Expanding bullets were introduced in 1897 (under the name Dum Dum bullets) as the then new high velocity low calibre bullets were proving ineffective. It was argued by Germany that they were inhumane and they got them banned, but this was based upon poor evidence. Expanding Bullets are actually used today by police forces as the expansion of the bullet slows it down and prevents it exiting the target and injuring bystanders. It seems reasonable to assume that the problem with the old bullets was simply that they went through the target (particularly an arm or leg) and straight out the other side. If you missed a vital organ then the shot was not as effective as it should be. That is, I think the purpose of the Expanding bullet is purely to avoid over-penetration. 

Thus an Expanding Bullet would be ineffective against opponents with tough armour / hide (as it would expand upon hitting the armour and fail to penetrate it) or large opponents, but it might be important in other situations to avoid over penetration and consequent loss of damage. So I'm happy with the role of radius in the formula, but there's a place for situational modifiers.

Deflection Of Bullets

A bullet can also fragment, be deflected, or tumble.
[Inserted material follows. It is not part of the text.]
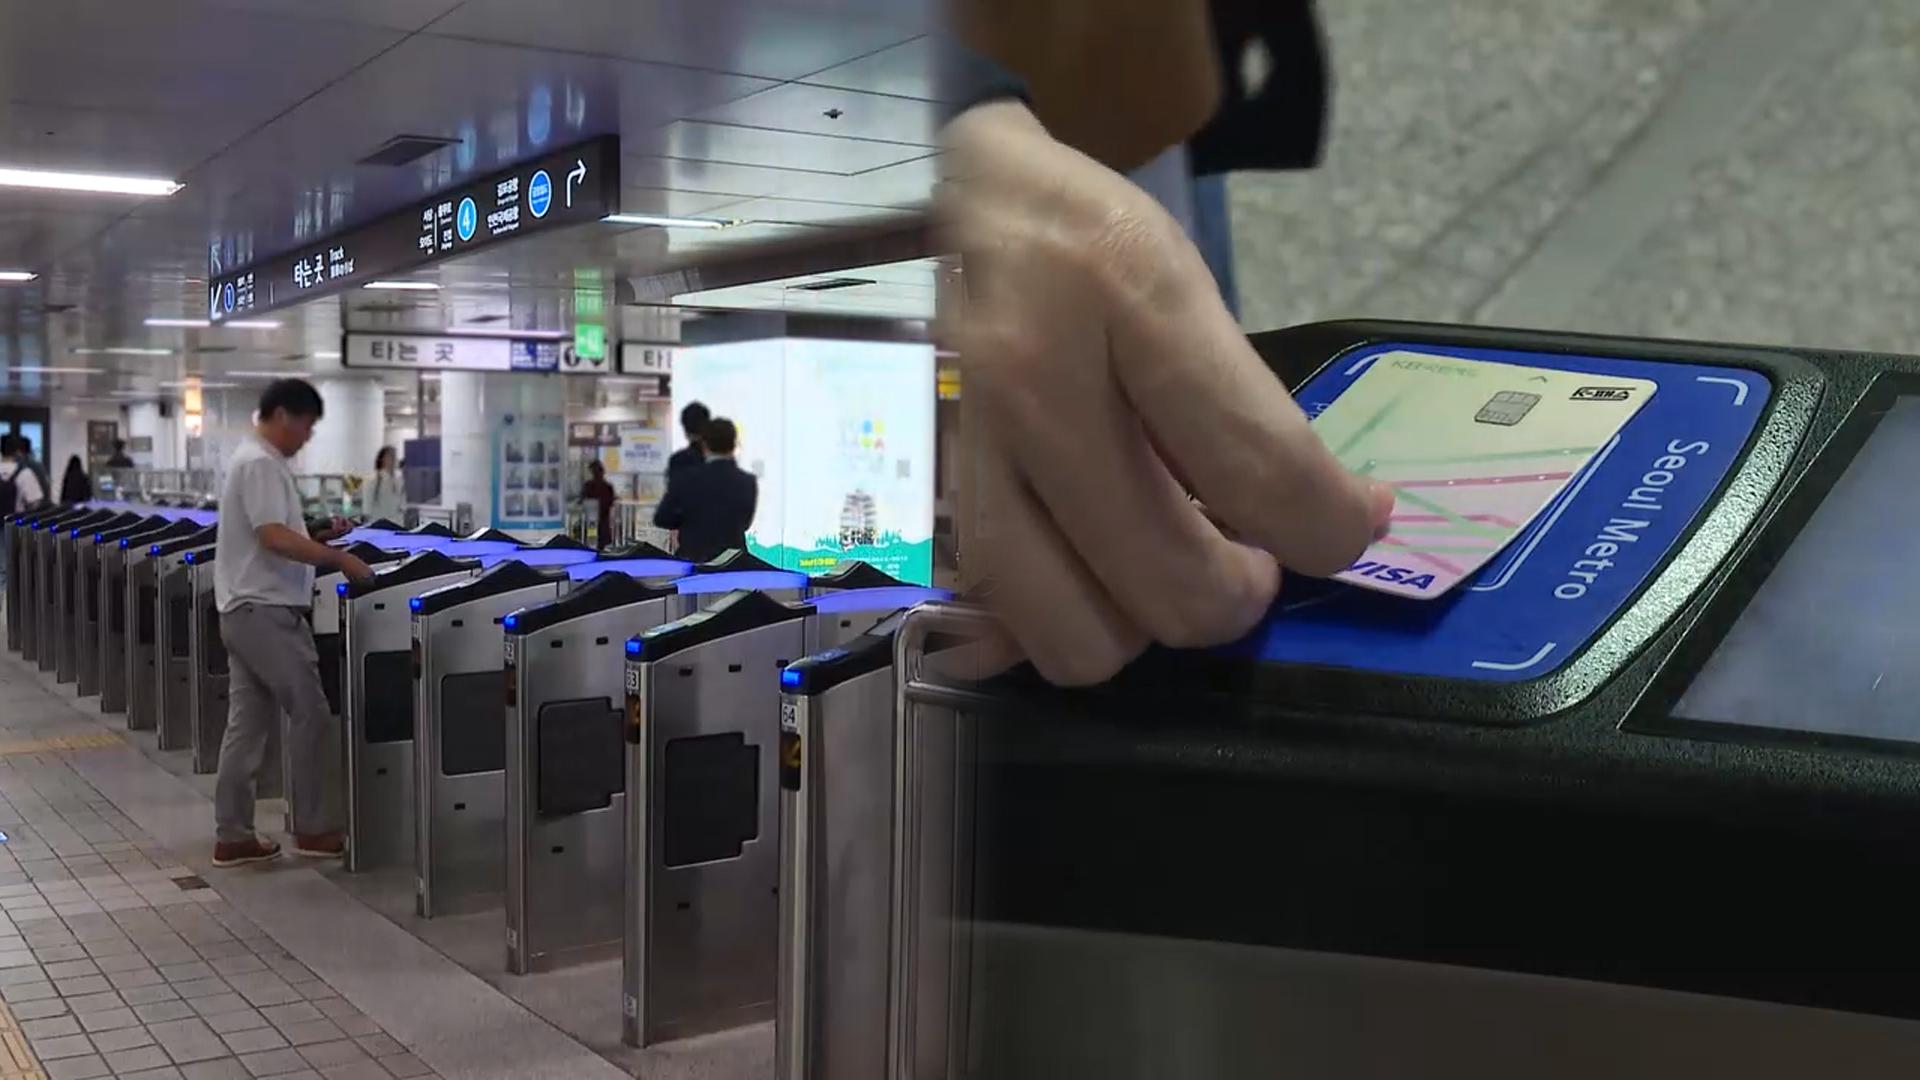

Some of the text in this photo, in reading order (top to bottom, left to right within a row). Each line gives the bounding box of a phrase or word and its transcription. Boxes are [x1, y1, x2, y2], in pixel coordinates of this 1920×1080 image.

[294, 254, 324, 288] 타는 곳
[371, 341, 454, 363] 타는 곳
[1554, 438, 1709, 601] Seoul Metro
All of these appear to have a similar effect to expansion of the bullet - reducing penetration thus giving a shallower but larger wound. The angle of deflection in a collision is determined by the angle of collision and the ratio of the masses of the two objects, so it would appear that less massive bullets are more easily deflected, so this could be a further cause of lower penetration amongst lighter bullets.

Further, for the same reasons, it appears that a lightweight bullet hitting off-centre, hence hitting the armour / hide at an angle, is more prone to ricochet. This would be another reason to avoid lightweight bullets.

Wind Resistance

As a side note it should be mentioned that a faster lightweight bullet with the same KE as another bullet is more accurate over short distance (due to the reduced drop) but over long distance it is affected more by drag, and not only slows down but can be blown off course.
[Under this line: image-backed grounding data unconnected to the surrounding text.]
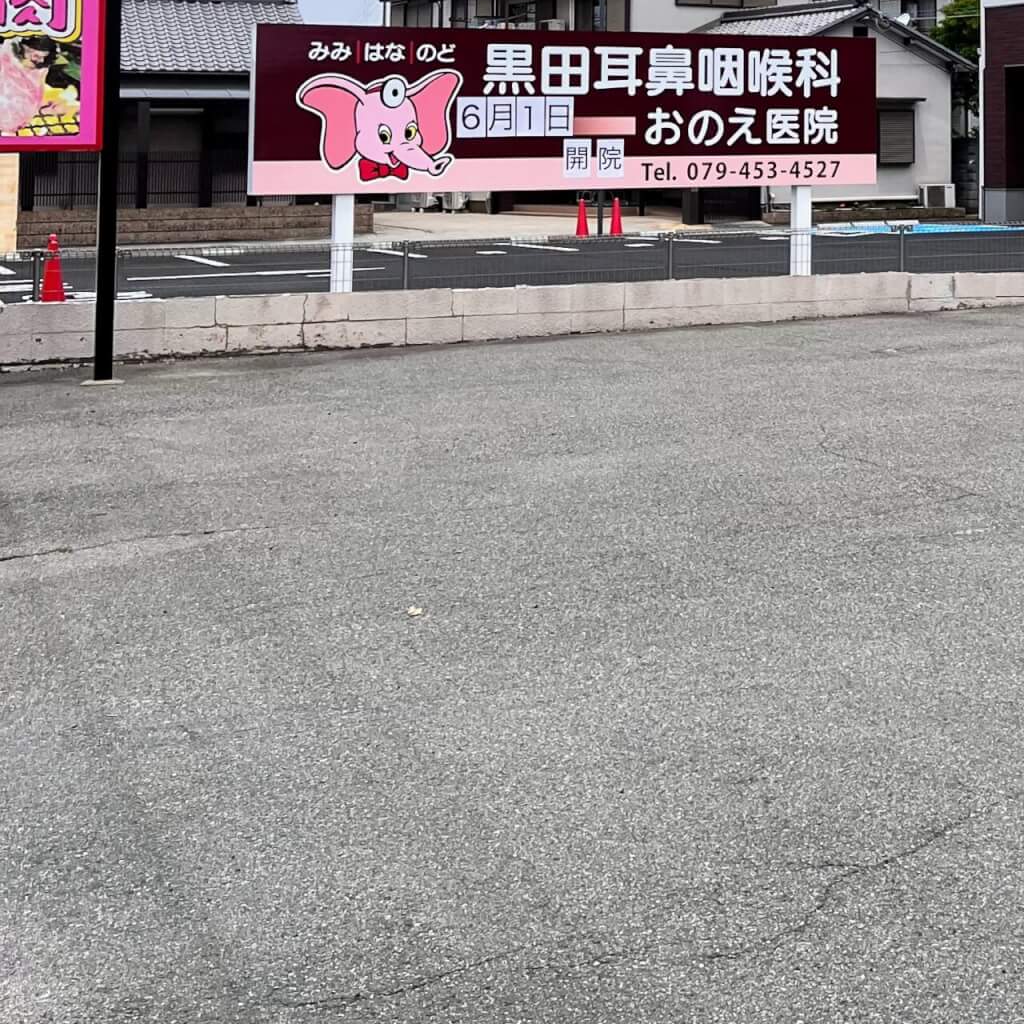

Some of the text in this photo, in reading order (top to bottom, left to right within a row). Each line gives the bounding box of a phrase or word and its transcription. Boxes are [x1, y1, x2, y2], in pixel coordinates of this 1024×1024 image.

[308, 41, 456, 63] みみ はな のど
[482, 43, 841, 97] 黒田耳鼻咽喉科
[462, 103, 570, 131] 6月1日
[644, 106, 840, 146] おのえ医院
[566, 146, 622, 170] 開院
[641, 160, 841, 182] Tel. 079-453-4527
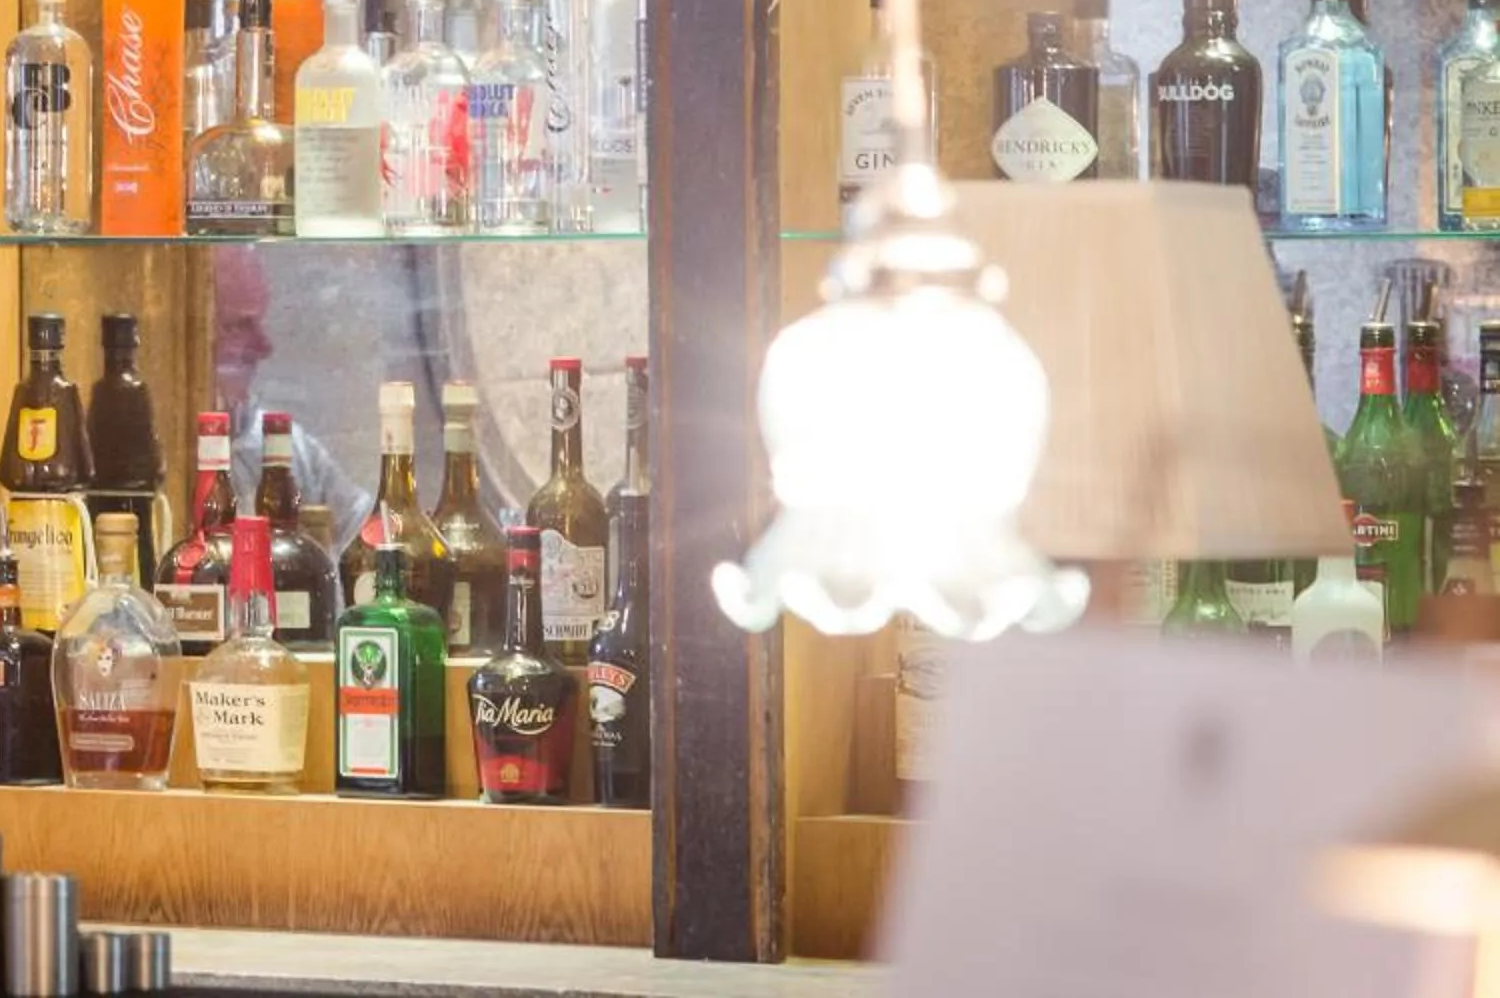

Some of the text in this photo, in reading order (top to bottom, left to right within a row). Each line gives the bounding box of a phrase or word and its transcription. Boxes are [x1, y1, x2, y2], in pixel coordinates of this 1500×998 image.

[105, 5, 156, 145] Chase
[856, 153, 896, 170] GIN
[196, 690, 266, 707] Maker's
[213, 710, 265, 726] Mark
[473, 694, 556, 725] Tia Maria
Leland also commented that he’d like any system with guns to include a chance of minor wounds or grazes even from a very powerful gun whereas in Explore you can have a sufficient bonus that any hit against a particular target is automatic death. Given the lethality of hits from guns, I agree that you’d have to include something like this, as it changes the dynamic of the game quite considerably.

So, in summary, you could probably have quite realistic rules for guns, and mostly they would simply be in the form of realistic bonuses or situational modifiers for the weapons (as they can be quite simply calculated), but it would take a bit of work. You might want to separate out penetration to be a separate bonus.


  1. The GURPS page you cite is a pretty nice reference. One thing I hadn't brought up is projectile deformation and fragmentation, which definitely comes into play particularly for non-jacketed projectiles. Deformation and tumbling is actually something considered desirable for some applications. For example I know that the ammunition for the M-16 rifle is specifically designed to tumble within the target, which creates a "messier" wound (and probably also serves to deliver more of the round's KE to the target by limiting or eliminating pass-through).

    Something else worth considering -- how does your model handle the case of a blunt projectile like a rock or a brick, as opposed to projectiles like spears, arrows, or bullets? Clearly penetration is going to be close to nil, but that's not to say that getting hit by a thrown brick isn't going to hurt, and getting hit in the head could pose a significant threat to life.

    1. Yes, tumbling definately limits pass through and hence maximises KE transfer - but it's difficult to know if it has more of an effect than that.

      My model was originally designed for blunt projectiles, as it emerged when considering what bonus lead sling stones should get versus stone sling stones. The problem was that I didn't think at first that it could apply to the more common penetration injuries (arrows). Now it applies in both scenarios, but has a different interpretation.